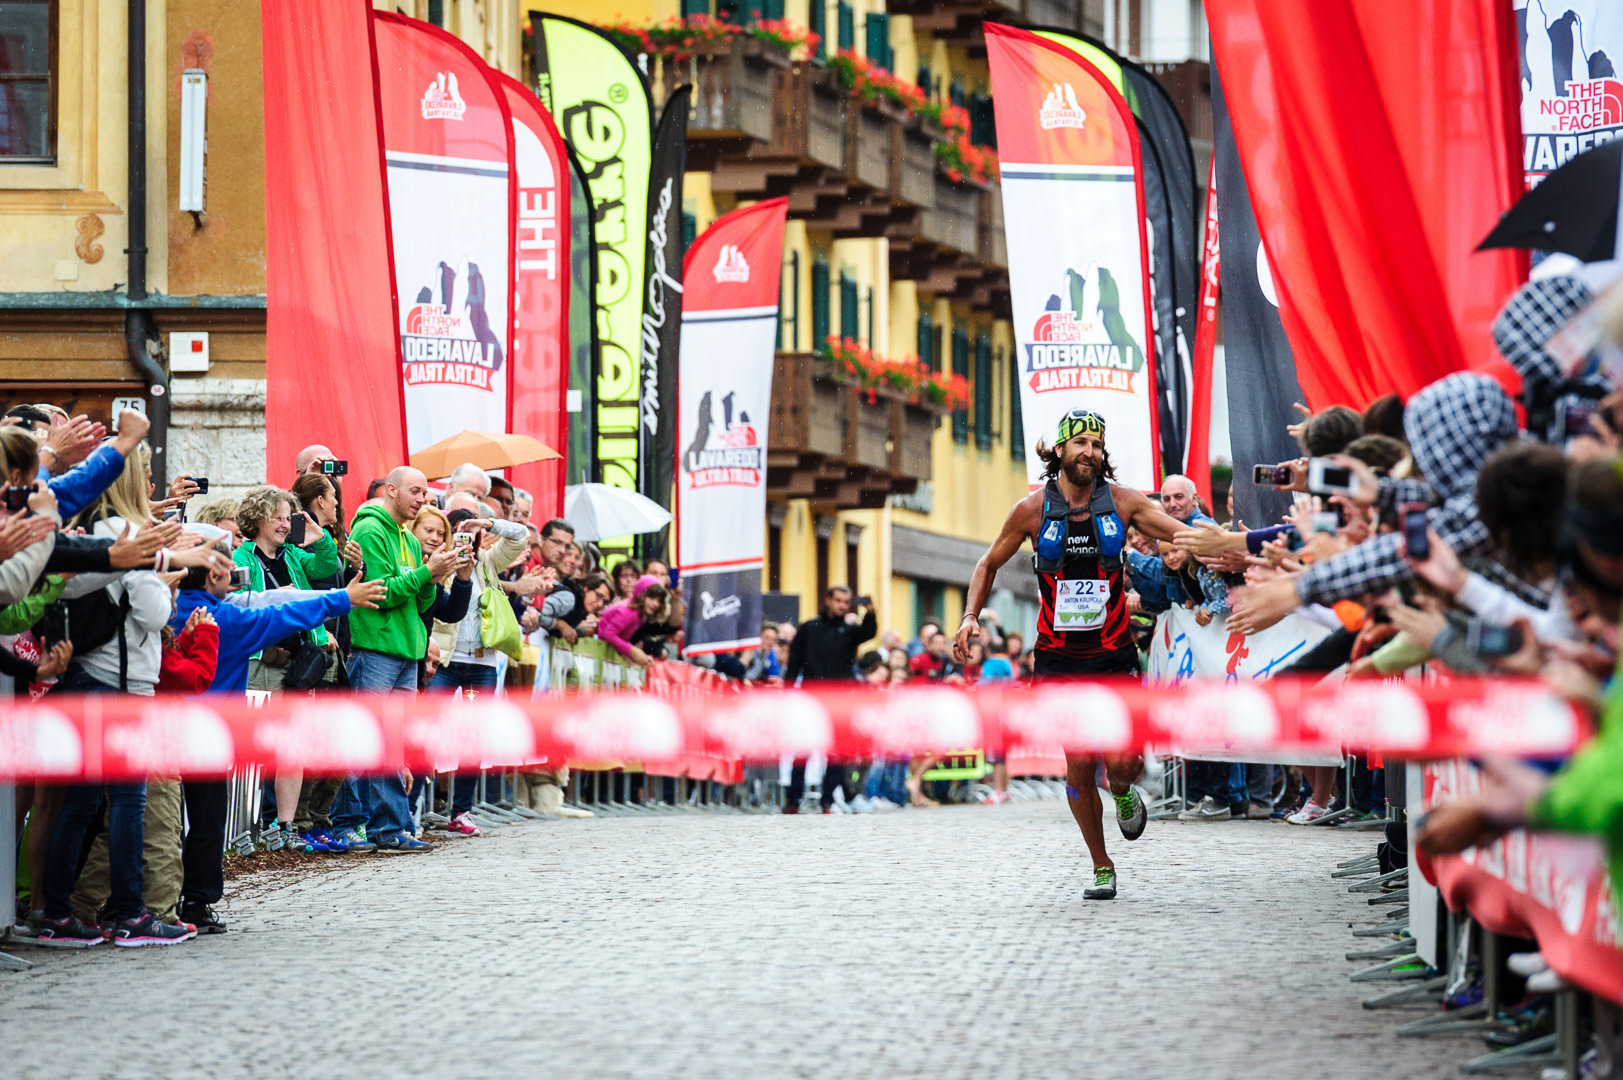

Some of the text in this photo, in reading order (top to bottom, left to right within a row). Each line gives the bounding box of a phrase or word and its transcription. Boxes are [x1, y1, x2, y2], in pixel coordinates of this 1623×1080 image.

[1568, 81, 1603, 98] THE
[1540, 96, 1603, 115] NORTH
[1559, 112, 1602, 131] FACE
[1067, 535, 1089, 545] new
[1075, 580, 1094, 595] 22

+++++

What is expected: Would you reproduce the listing above exactly, without any of its images?

Solution:
Some of the text in this photo, in reading order (top to bottom, left to right within a row). Each line gives the bounding box of a phrase or word and its transcription. Boxes are [x1, y1, x2, y2], in pixel coordinates of this 1623×1080 image.

[1568, 81, 1603, 98] THE
[1540, 96, 1603, 115] NORTH
[1559, 112, 1602, 131] FACE
[1067, 535, 1089, 545] new
[1075, 580, 1094, 595] 22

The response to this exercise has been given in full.